■ **DIRECTIONS**
Set down each entry below exactly as written, keeping the pictures out.

■ **EXERCISE INPUT**
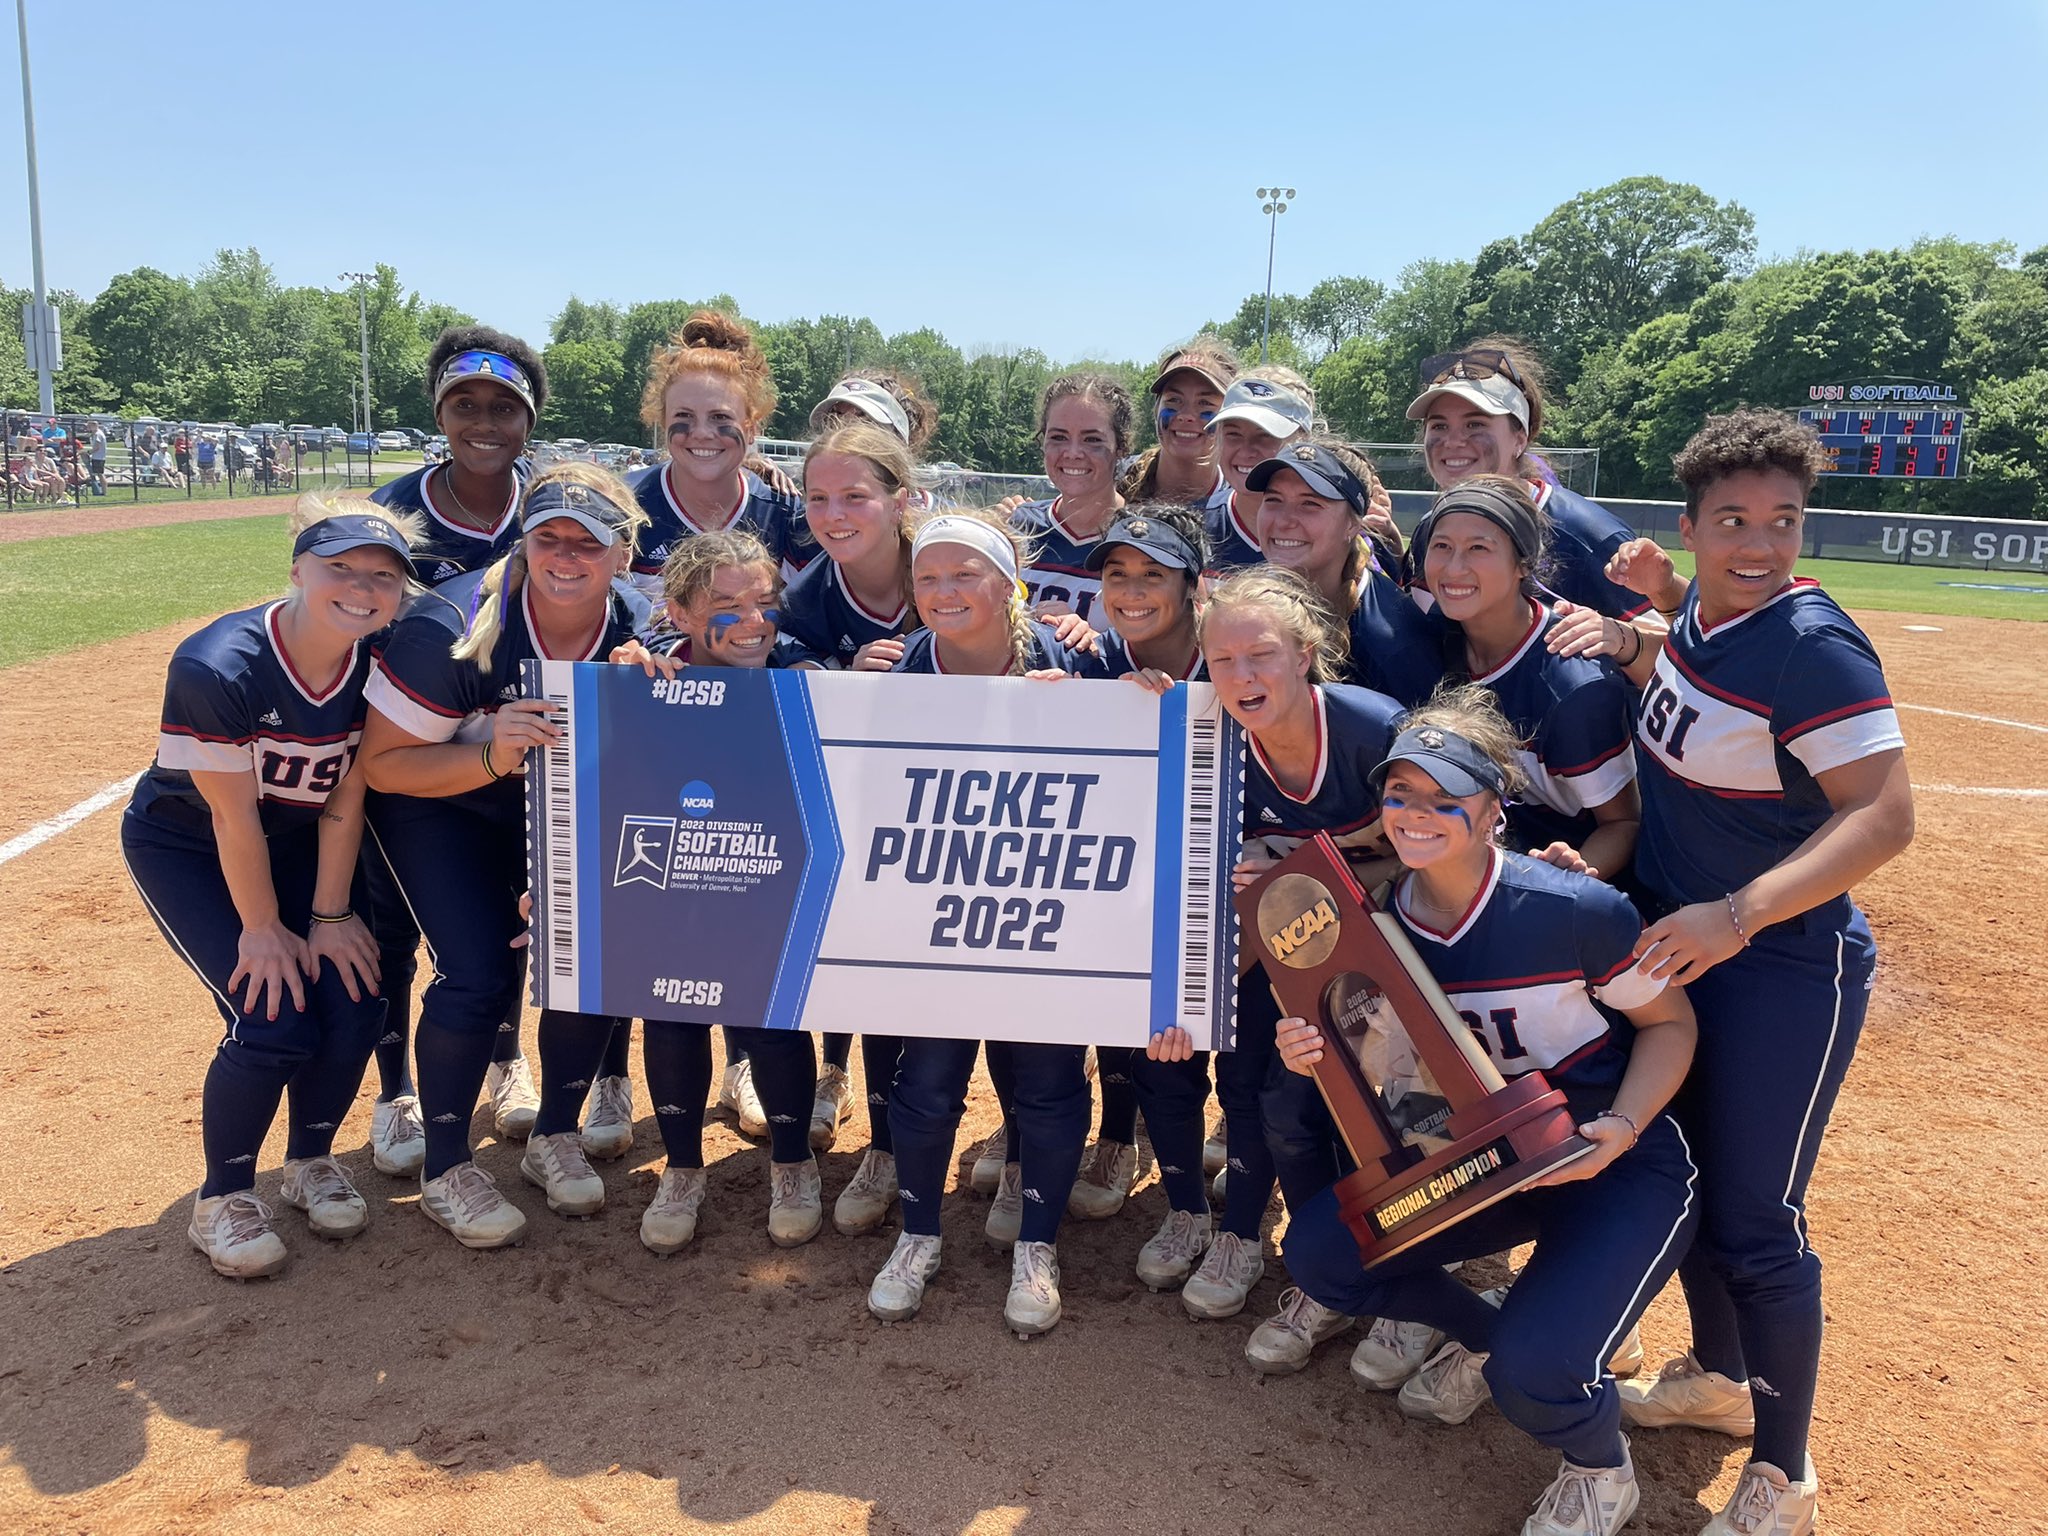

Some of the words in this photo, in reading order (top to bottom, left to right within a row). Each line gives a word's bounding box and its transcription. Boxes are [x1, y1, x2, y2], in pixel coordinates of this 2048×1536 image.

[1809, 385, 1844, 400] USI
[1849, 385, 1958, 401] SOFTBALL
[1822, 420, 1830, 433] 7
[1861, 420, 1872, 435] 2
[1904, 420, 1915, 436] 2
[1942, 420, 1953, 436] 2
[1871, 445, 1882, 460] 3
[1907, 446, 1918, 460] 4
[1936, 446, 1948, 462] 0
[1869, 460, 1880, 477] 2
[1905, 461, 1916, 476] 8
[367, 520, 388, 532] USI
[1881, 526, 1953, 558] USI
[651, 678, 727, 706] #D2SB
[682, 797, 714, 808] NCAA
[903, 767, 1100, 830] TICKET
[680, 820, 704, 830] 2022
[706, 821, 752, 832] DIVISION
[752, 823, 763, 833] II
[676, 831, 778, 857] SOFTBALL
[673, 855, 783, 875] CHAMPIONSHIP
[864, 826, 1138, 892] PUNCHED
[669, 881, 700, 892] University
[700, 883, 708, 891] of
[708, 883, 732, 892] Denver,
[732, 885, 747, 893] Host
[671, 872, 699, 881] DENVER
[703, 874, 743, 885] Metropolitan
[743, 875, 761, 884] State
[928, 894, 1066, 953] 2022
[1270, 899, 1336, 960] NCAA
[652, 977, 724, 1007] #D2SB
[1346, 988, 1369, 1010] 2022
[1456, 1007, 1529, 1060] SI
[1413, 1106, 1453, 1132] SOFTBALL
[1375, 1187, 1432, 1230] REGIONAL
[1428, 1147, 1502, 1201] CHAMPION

■ **EXPECTED OUTPUT**
Some of the words in this photo, in reading order (top to bottom, left to right within a row). Each line gives a word's bounding box and its transcription. Boxes are [x1, y1, x2, y2], in pixel coordinates of this 2048×1536 image.

[1809, 385, 1844, 400] USI
[1849, 385, 1958, 401] SOFTBALL
[1822, 420, 1830, 433] 7
[1861, 420, 1872, 435] 2
[1904, 420, 1915, 436] 2
[1942, 420, 1953, 436] 2
[1871, 445, 1882, 460] 3
[1907, 446, 1918, 460] 4
[1936, 446, 1948, 462] 0
[1869, 460, 1880, 477] 2
[1905, 461, 1916, 476] 8
[367, 520, 388, 532] USI
[1881, 526, 1953, 558] USI
[651, 678, 727, 706] #D2SB
[682, 797, 714, 808] NCAA
[903, 767, 1100, 830] TICKET
[680, 820, 704, 830] 2022
[706, 821, 752, 832] DIVISION
[752, 823, 763, 833] II
[676, 831, 778, 857] SOFTBALL
[673, 855, 783, 875] CHAMPIONSHIP
[864, 826, 1138, 892] PUNCHED
[669, 881, 700, 892] University
[700, 883, 708, 891] of
[708, 883, 732, 892] Denver,
[732, 885, 747, 893] Host
[671, 872, 699, 881] DENVER
[703, 874, 743, 885] Metropolitan
[743, 875, 761, 884] State
[928, 894, 1066, 953] 2022
[1270, 899, 1336, 960] NCAA
[652, 977, 724, 1007] #D2SB
[1346, 988, 1369, 1010] 2022
[1456, 1007, 1529, 1060] SI
[1413, 1106, 1453, 1132] SOFTBALL
[1375, 1187, 1432, 1230] REGIONAL
[1428, 1147, 1502, 1201] CHAMPION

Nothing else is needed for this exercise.